Air Canada and the ‘hallucination’ of a chatbot…

An email arrived from the Badger’s car insurance provider recently. It advised that a renewal quote was in his online account. Logging in revealed a 25% increase in premium! A check using market comparison sites provided quotes for the same cover within a few pounds of his existing premium. The Badger thus used the provider’s chatbot within his account to signal his intent to take his business elsewhere. The chatbot dialogue, however, ultimately resulted in the Badger staying with his provider with the same cover at the price he currently pays!

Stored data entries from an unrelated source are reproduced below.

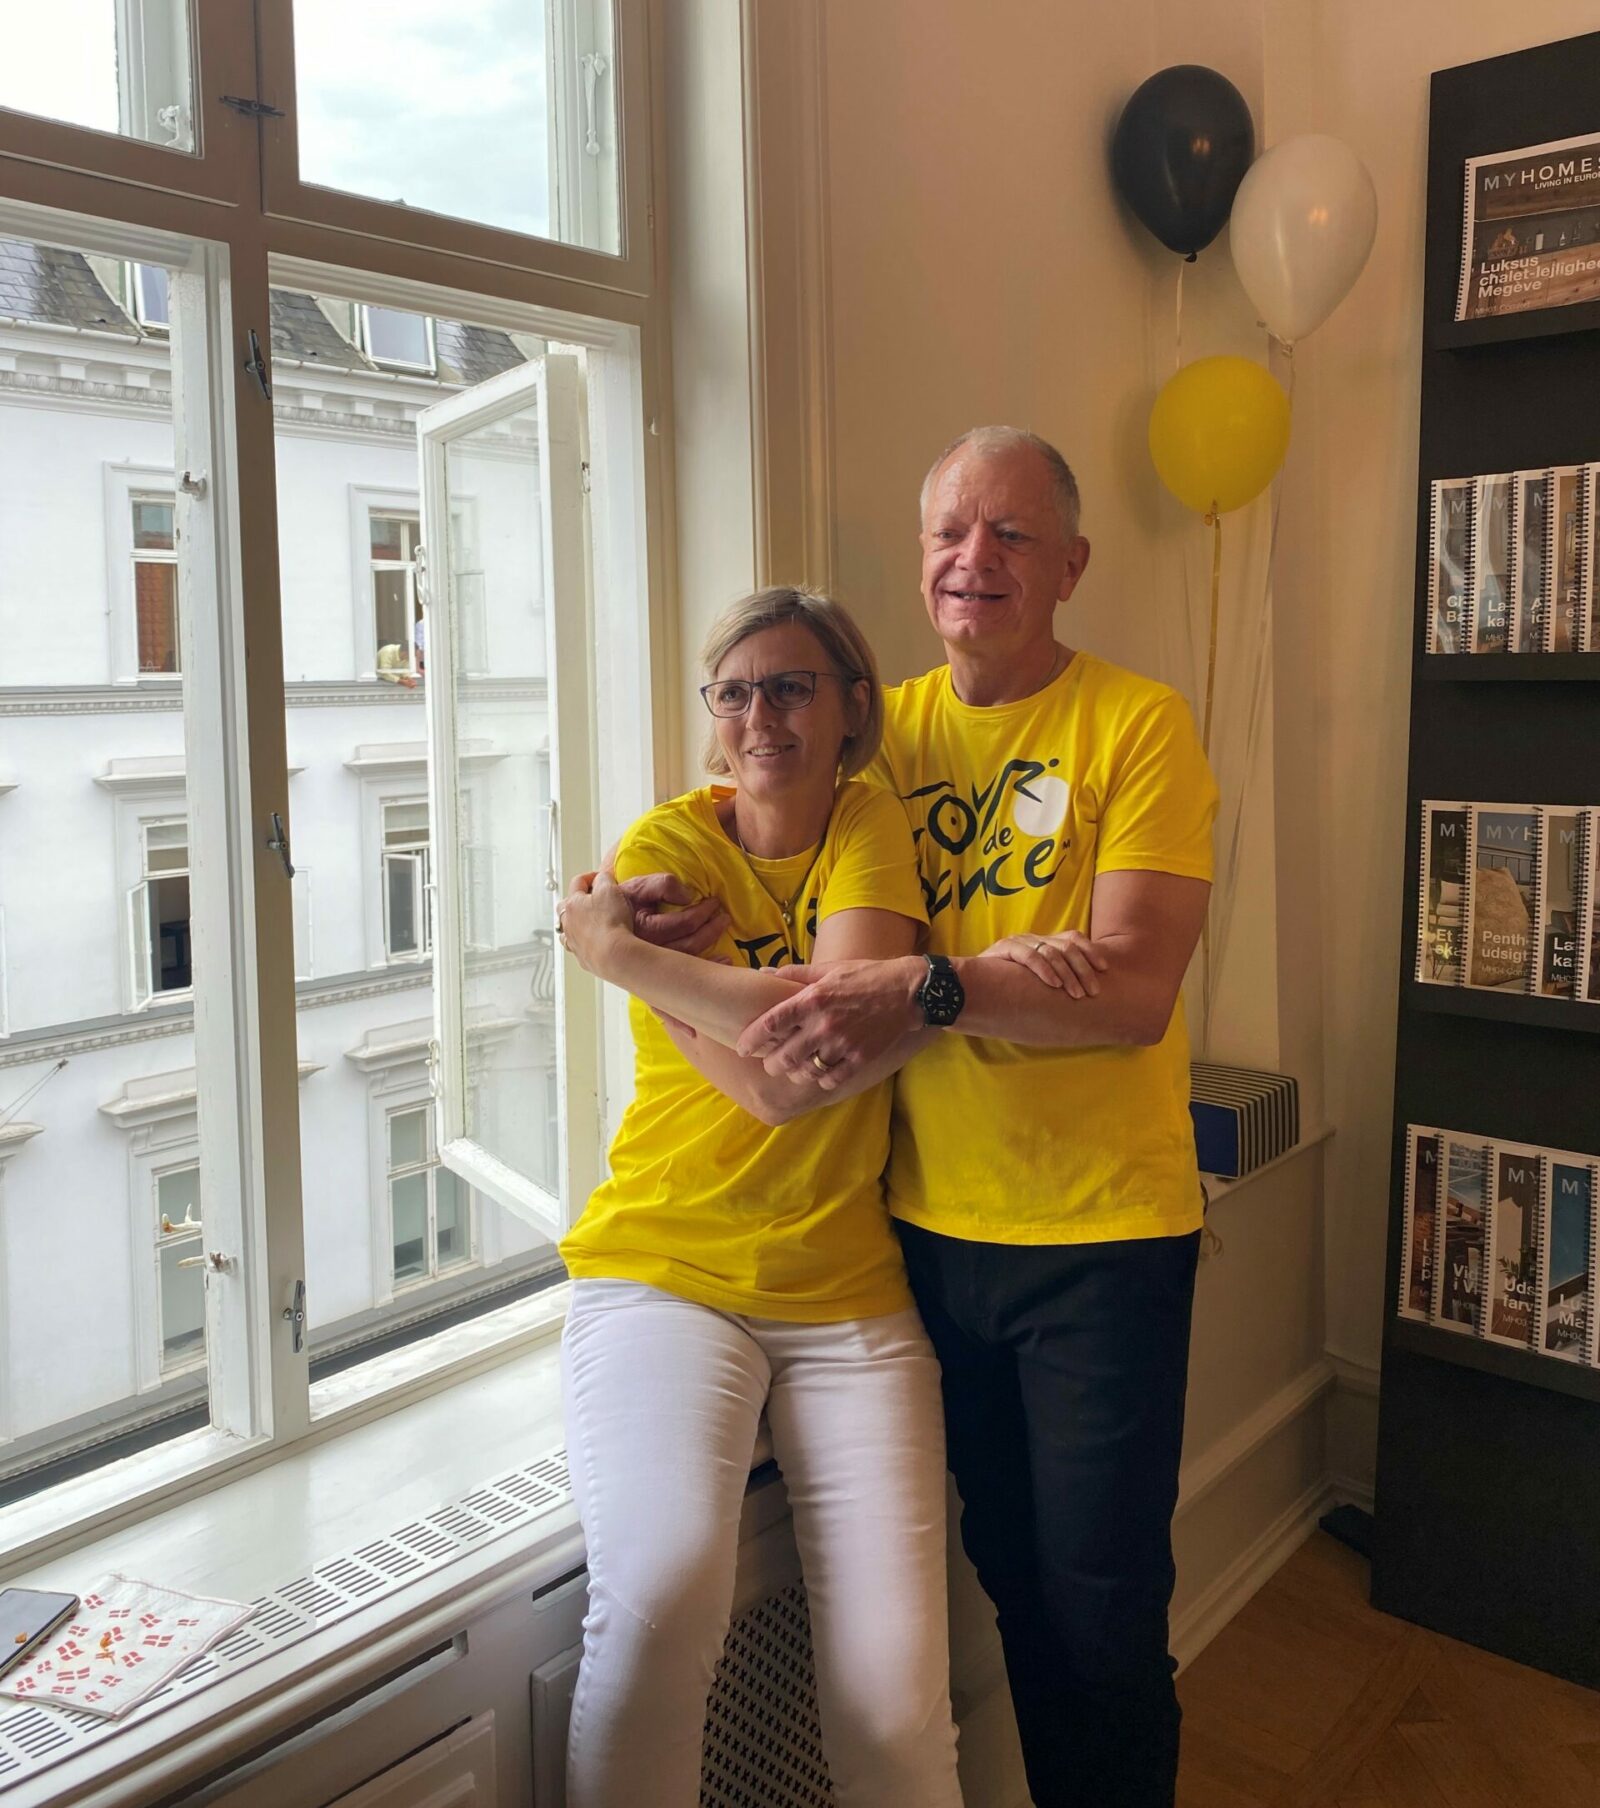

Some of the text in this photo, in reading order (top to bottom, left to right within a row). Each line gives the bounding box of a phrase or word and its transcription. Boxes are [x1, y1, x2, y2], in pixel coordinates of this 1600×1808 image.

[1484, 156, 1600, 191] MYHOME
[1535, 179, 1561, 190] LIVING
[1564, 177, 1572, 185] IN
[1481, 256, 1539, 275] Luksus
[1478, 281, 1543, 299] Megève
[982, 818, 1014, 856] de
[919, 838, 1066, 919] ance
[1482, 930, 1528, 947] Penth

This is a commonplace renewal dynamic, but the Badger found himself musing on his experience. Apart from being irritated by his provider’s attempted 25% price rise when they were obviously prepared to retain their customer for a much lower price, using the chatbot was easy, efficient, and quick. However, it  wasn’t obvious at any stage in the chatbot dialogue whether the Badger had really conversed with a human in the provider’s organisation. This meant that both he and the provider were implicitly accepting the validity of the chatbot’s deal. A number of ‘what if’ scenarios regarding customer use of AI chatbots started bubbling in the Badger’s brain. And then he read, here and here, about Air Canada and its AI chatbot!

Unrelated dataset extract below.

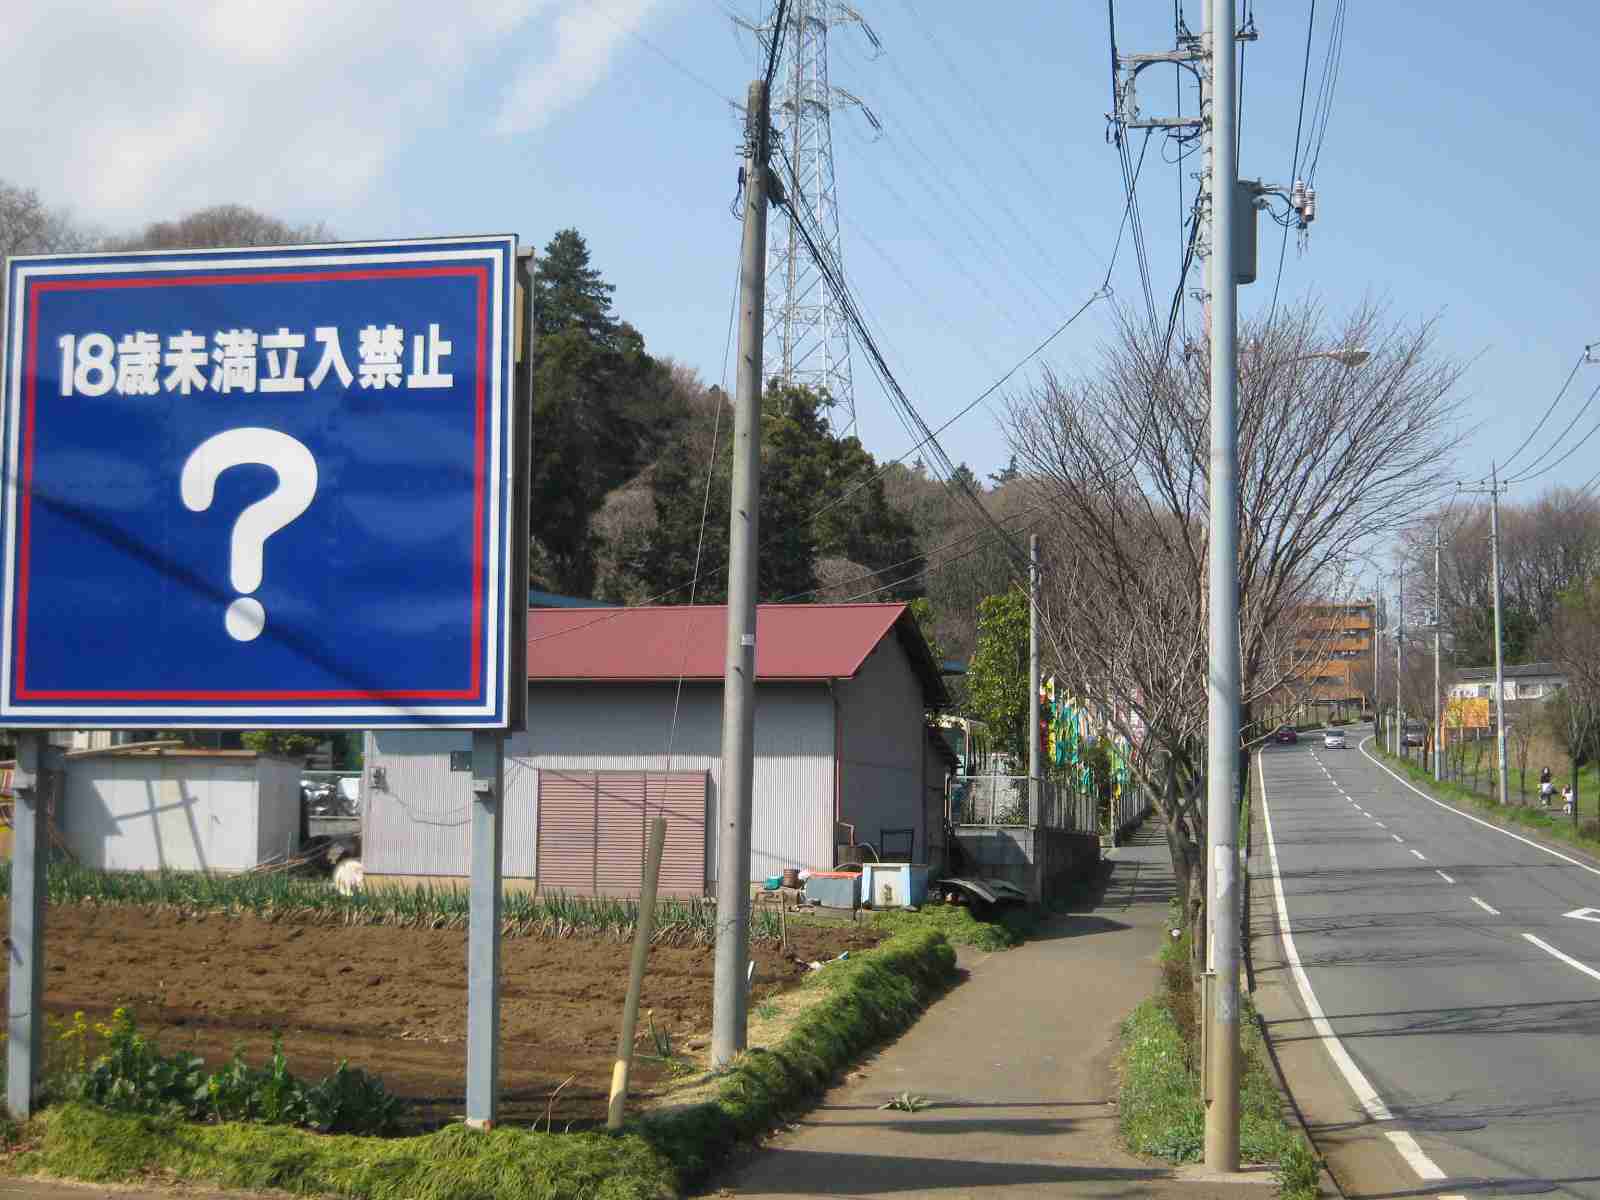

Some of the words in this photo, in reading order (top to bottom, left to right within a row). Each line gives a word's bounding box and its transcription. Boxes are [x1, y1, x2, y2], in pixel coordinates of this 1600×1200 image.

[58, 323, 454, 397] 18歳未満立入禁止

An AI chatbot on the Air Canada website advised a passenger that they could book a full-fare flight to attend their grandmother’s funeral and claim for a discounted bereavement fare thereafter. Guidance elsewhere on the website was different. The passenger did as the chatbot guided and subsequently claimed for the bereavement discount. Air Canada refused the claim, and the parties ended up at a Tribunal with the airline arguing that the chatbot was ‘responsible for its own actions’. The Tribunal ruled for the passenger and that the airline was liable for negligent misrepresentation. The case not only establishes the principle that companies are liable for what their AI chatbots say and do, but it also highlights – as noted here – broader risks for businesses when adopting AI tools.

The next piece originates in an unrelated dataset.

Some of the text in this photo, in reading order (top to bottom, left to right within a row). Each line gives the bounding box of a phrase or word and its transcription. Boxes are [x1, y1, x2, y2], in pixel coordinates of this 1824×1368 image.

The amount of money for the discount claim was small (<CAN$500) but the Tribunal’s findings will reverberate widely. The case also exposes something which is commonplace with many big companies, namely the dominance of a legalistic behavioural culture regardless of common-sense within an organisation. This was a bereaved customer complying with advice given by the company’s AI chatbot on the company’s own website, and yet rather than be empathetic, take responsibility, and apply common-sense, the company chose a legal route and to hide behind ‘the hallucination’ of its chatbot. So, bravo to the passenger for fighting their corner, bravo to the Tribunal for their common-sense judgement, and yes bravo to Air Canada for making sure that we all now know that companies cannot shirk responsibility for the behaviour of their AI chatbots…

A world without Google…

A feature entitled Where would we be without Google’ appeared on the IET (Institution of Engineering and Technology) website last week. It’s an insightful, entertaining article that takes a wry look at how Google (or more properly Alphabet) has become part of today’s critical infrastructure and why we must let it stay that way. The Badger nodded in agreement when reading the author’s words that the world created by Google should more accurately be described as the world that we – consumers, society, and legislators – have allowed Google to create. The Badger also sympathises with the feature’s conclusion, that for the sake of humanity Google must never be allowed to stop because  nobody knows what might happen if somebody switched its services off. The consequences would be awful in ways that we haven’t envisaged.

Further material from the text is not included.